Shortly after, a bigger and more durable star was built, measuring 403 by 300 feet and using 300 lights.

In 1941, 50 more bulbs were added to fill in dim spots. The star was later reconstructed in December 1946 after being destroyed by a storm and was visible by air from up to 100 mi away. This version of the star was constructed with 459 150-watt lamps and was 459 by 278 ft. Its length is greater than its width to allow for the distortion caused by viewing it from the ground. This star has also been compared to the similar Roanoke Star in Roanoke, Virginia.

For almost 50 years, the star only shone for the holiday season, with two exceptions. Starting in 1979, the star was lit for 444 nights to support U.S. hostages during the Iran hostage crisis. After the hostages were released, the star returned to its normal holiday schedule. It also shined every night from December 1990 until August 21, 1991, the day when the last soldier from Fort Bliss returned from the Gulf War. There are no clear records indicating that the star has been lit every year since 1940. It may or may not have been lit during World War II, but many agree that it has been lit every holiday season since then.
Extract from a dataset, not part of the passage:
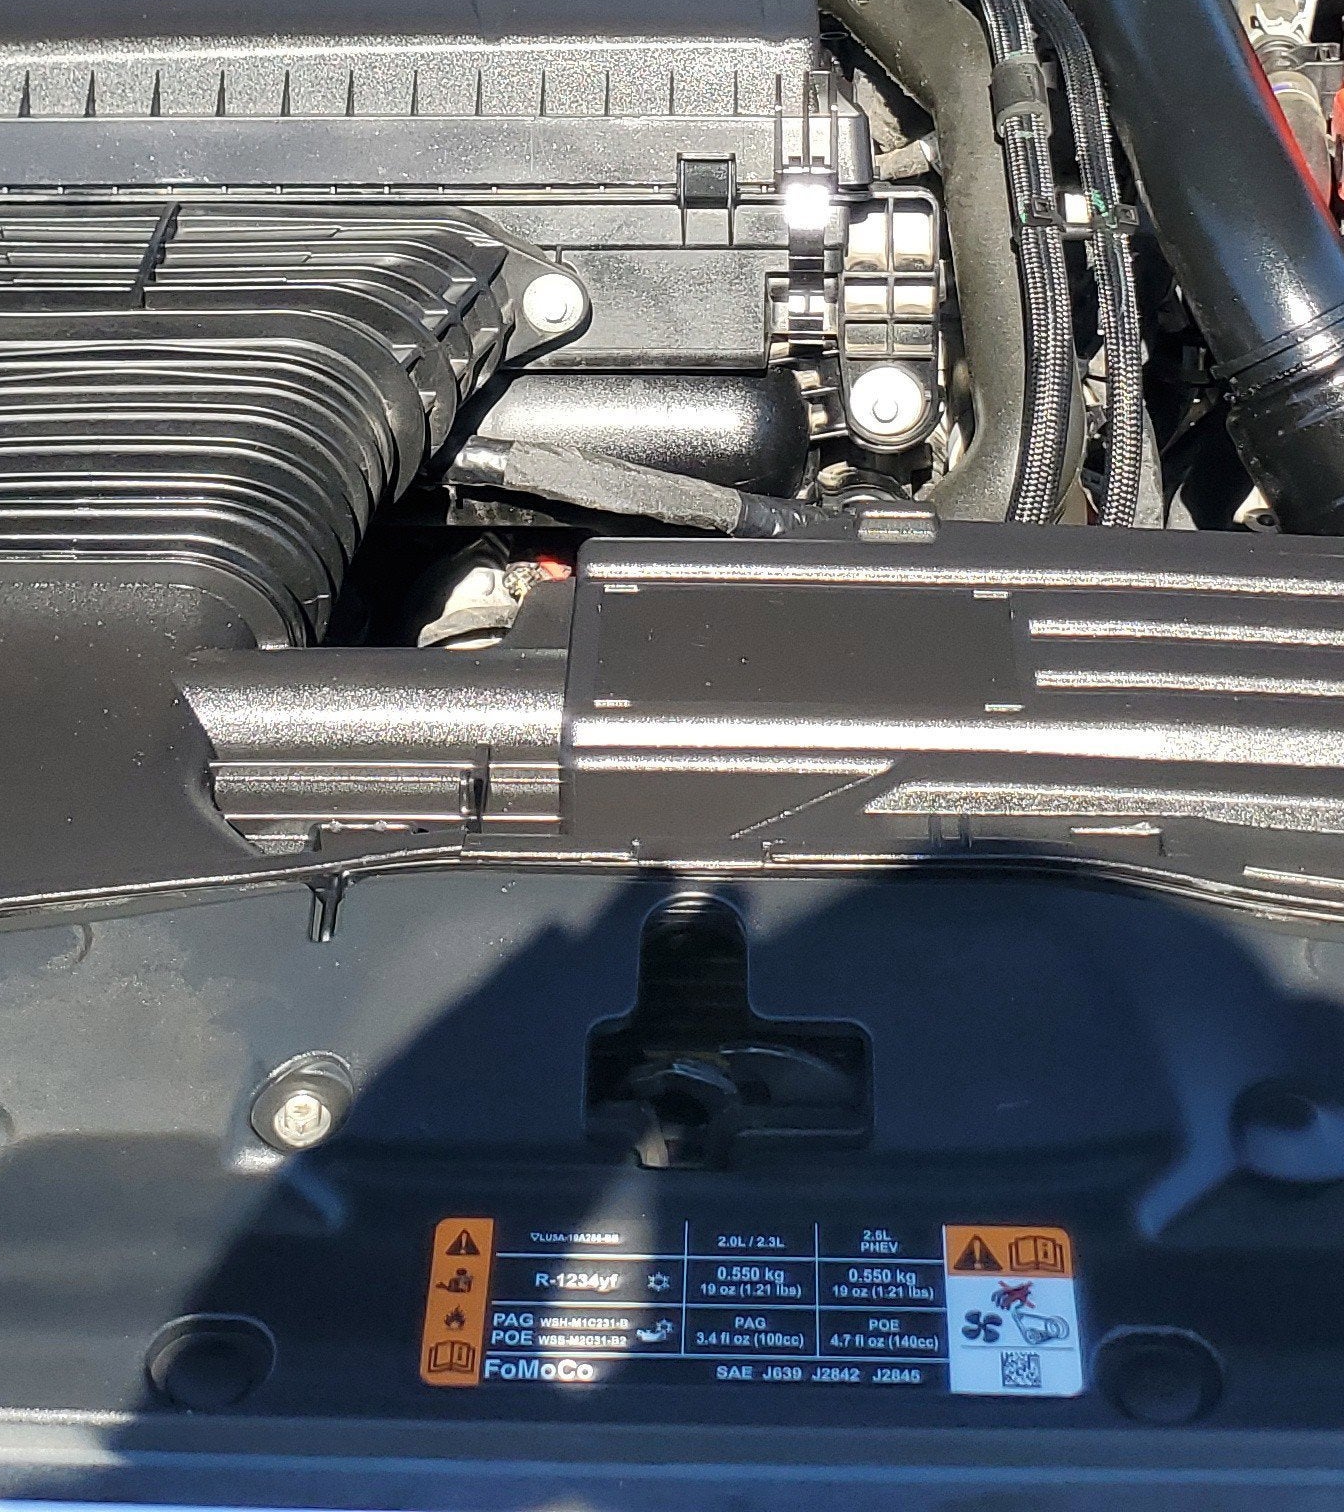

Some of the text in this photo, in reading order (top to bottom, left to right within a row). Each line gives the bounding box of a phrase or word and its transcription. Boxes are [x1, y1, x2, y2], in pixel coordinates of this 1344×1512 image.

As part of an international Earth Run for UNICEF, on December 14, 1986, Tanzanian athlete Suleiman Nyambui passed a flame to El Paso Electric Company president Evern Wall, who dipped it into a ceremonial vessel at 6 p.m. and lit the star at the same time.

In November 1993, a joint project between the Greater El Paso Chamber of Commerce and the El Paso Electric Company led to the star being lit nightly, although many residents of El Paso were originally against the idea. The project also allows individuals to sponsor a lighting of the star in honor of a loved one or a special occasion.

=== 21st century ===
$32,000 was spent to remodel the star in 2007, including installing new wiring and lighting fixtures, more reliable bulbs, and a radio frequency system to allow remote control of the star from a computer or cell phone. This allowed easy control of the star without requiring a crew to physically visit it on the mountain.
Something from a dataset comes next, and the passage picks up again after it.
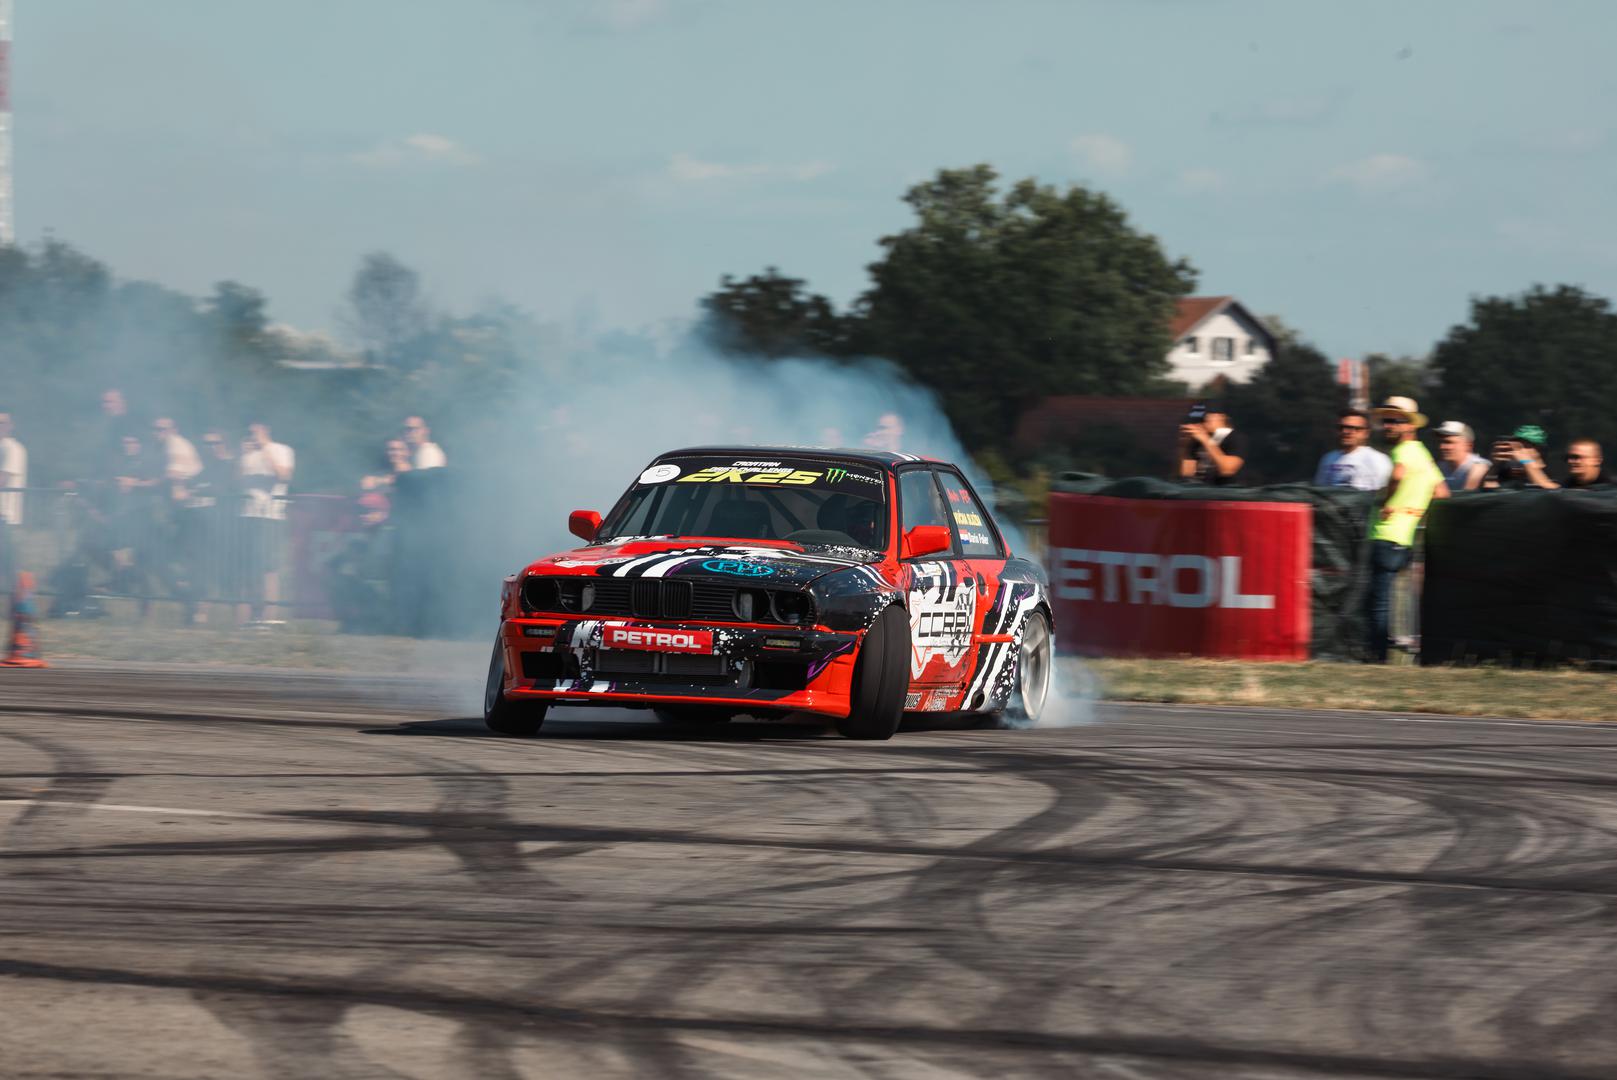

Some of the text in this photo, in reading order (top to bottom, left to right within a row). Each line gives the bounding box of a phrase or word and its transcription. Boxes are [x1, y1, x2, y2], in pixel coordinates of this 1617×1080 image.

[676, 468, 823, 485] 2K25
[1050, 547, 1276, 609] ETROL
[613, 630, 702, 649] PETROL
The city government took ownership of the star in 2009 after the city council voted to accept the Chamber of Commerce's donation of the equipment and logo. In 2010, the city council approved a 50-year lease with 88 Investments Inc., the company that owns the land that the star resides on. Rather than paying rent, the city would pay taxes of about $1,200 per year on the land.

In October 2021, the star was bright red to celebrate several public safety campaigns, including Fire Prevention Week, National Domestic Violence Awareness Month, and Red Ribbon Week.

In September 2023, the El Paso Chamber began a $300,000 project to replace the star's bulbs with bulbs made by New York company CodeLumen that can be controlled individually using a computer and are brighter, energy-efficient, and shatter-proof. They sold the old bulbs for $1,000 each to fund this renovation.

The star was lit up orange on April 17, 2024, to commemorate National Work Zone Awareness Week.

In June 2024, the star was rainbow-colored to celebrate Pride Month. August

In August 2025, the star flashed 23 times to represent and honor the 23 lives lost during the El Paso Walmart mass shooting hate crime attack that occurred on August 3, 2019.

== Vandalism ==
The star is frequently vandalized by trespassers, and officials say that vandalism has been constant for as long as the star has existed. The Chamber of Commerce has constantly asked the local community to avoid trespassing and vandalizing this symbol of El Paso, also noting that the area is monitored by cameras and the El Paso Police Department.

Vandalism of the star typically consists of breaking light bulbs and discarding empty beer bottles at the site and has been known to result in criminal citations from El Paso police. Some vandals also steal light bulbs from the property.